Une interface qui pousse à faire part de sa vie privée

"La mise en place de cette nouvelle timeline ne change pas fondamentalement la donne du côté des entreprises. Avant comme après son adoption, il est toujours aussi aisé pour elles d'accéder aux narbs en question contre rémunération", note-t-il. Avant d'ajouter : "Ce qui change, c'est l'incitation plus forte donnée aux utilisateurs de raconter le déroulement de leur quotidien". De fait, le menu déroulant est conçu de telle façon qu'il devient possible de réaliser via celui-ci une véritable autobiographie rassemblant les évènements plus ou moins anodins qui rythment la vie d'une personne. Cette mise en forme sous forme de récit encouragerait les utilisateurs à tenir leur timeline à jour, juge-t-il.

Rester prudent quant aux publications effectuées

Pour autant, précise Ananda Mitra, "cela ne signifie pas qu'il faut cesser toute activité sociale, par peur de voir ses publications récupérées à des fins commerciales.
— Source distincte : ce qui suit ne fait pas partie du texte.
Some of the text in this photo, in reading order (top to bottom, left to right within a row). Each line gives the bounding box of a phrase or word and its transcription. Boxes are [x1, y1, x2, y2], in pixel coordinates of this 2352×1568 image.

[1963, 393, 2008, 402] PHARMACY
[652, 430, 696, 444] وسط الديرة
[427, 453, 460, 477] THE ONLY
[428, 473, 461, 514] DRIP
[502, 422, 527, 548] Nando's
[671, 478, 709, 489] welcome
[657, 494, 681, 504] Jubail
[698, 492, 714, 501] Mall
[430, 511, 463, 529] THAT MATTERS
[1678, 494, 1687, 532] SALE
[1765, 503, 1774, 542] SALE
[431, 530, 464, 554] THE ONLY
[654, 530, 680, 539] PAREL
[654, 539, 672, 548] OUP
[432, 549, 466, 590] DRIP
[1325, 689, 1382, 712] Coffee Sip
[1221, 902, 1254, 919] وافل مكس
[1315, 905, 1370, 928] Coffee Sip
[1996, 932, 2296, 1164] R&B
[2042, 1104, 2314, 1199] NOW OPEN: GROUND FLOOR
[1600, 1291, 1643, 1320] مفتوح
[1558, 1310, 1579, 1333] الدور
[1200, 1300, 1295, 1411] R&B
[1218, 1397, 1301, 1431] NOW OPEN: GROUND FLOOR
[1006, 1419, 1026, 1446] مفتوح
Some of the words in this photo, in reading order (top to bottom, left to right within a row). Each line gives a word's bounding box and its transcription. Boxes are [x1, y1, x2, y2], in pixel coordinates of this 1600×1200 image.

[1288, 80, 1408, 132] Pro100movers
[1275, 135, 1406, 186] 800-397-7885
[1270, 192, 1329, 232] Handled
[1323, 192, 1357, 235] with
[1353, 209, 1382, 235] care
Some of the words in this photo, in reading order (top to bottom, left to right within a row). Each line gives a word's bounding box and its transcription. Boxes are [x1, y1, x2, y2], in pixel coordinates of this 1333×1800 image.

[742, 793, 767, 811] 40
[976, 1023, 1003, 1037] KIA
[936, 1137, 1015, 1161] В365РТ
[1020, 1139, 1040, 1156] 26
Au contraire, il faut s'impliquer davantage dans la rédaction de ces dernières, et rester prudent, afin d'avoir un véritable contrôle sur les informations véhiculées". Et si le fonctionnement de cette nouvelle interface peut la rendre assez difficile à maîtriser, le chercheur est persuadé que les utilisateurs s'y habitueront très vite. Il conclue ainsi: "les utilisateurs comprendront rapidement la meilleure façon de gérer leurs narbs". Cela, afin de permettre de proposer des réclames certes plus ciblées, mais surtout mieux acceptées si elles ne sont pas perçues comme des intrusions dans sa vie privée.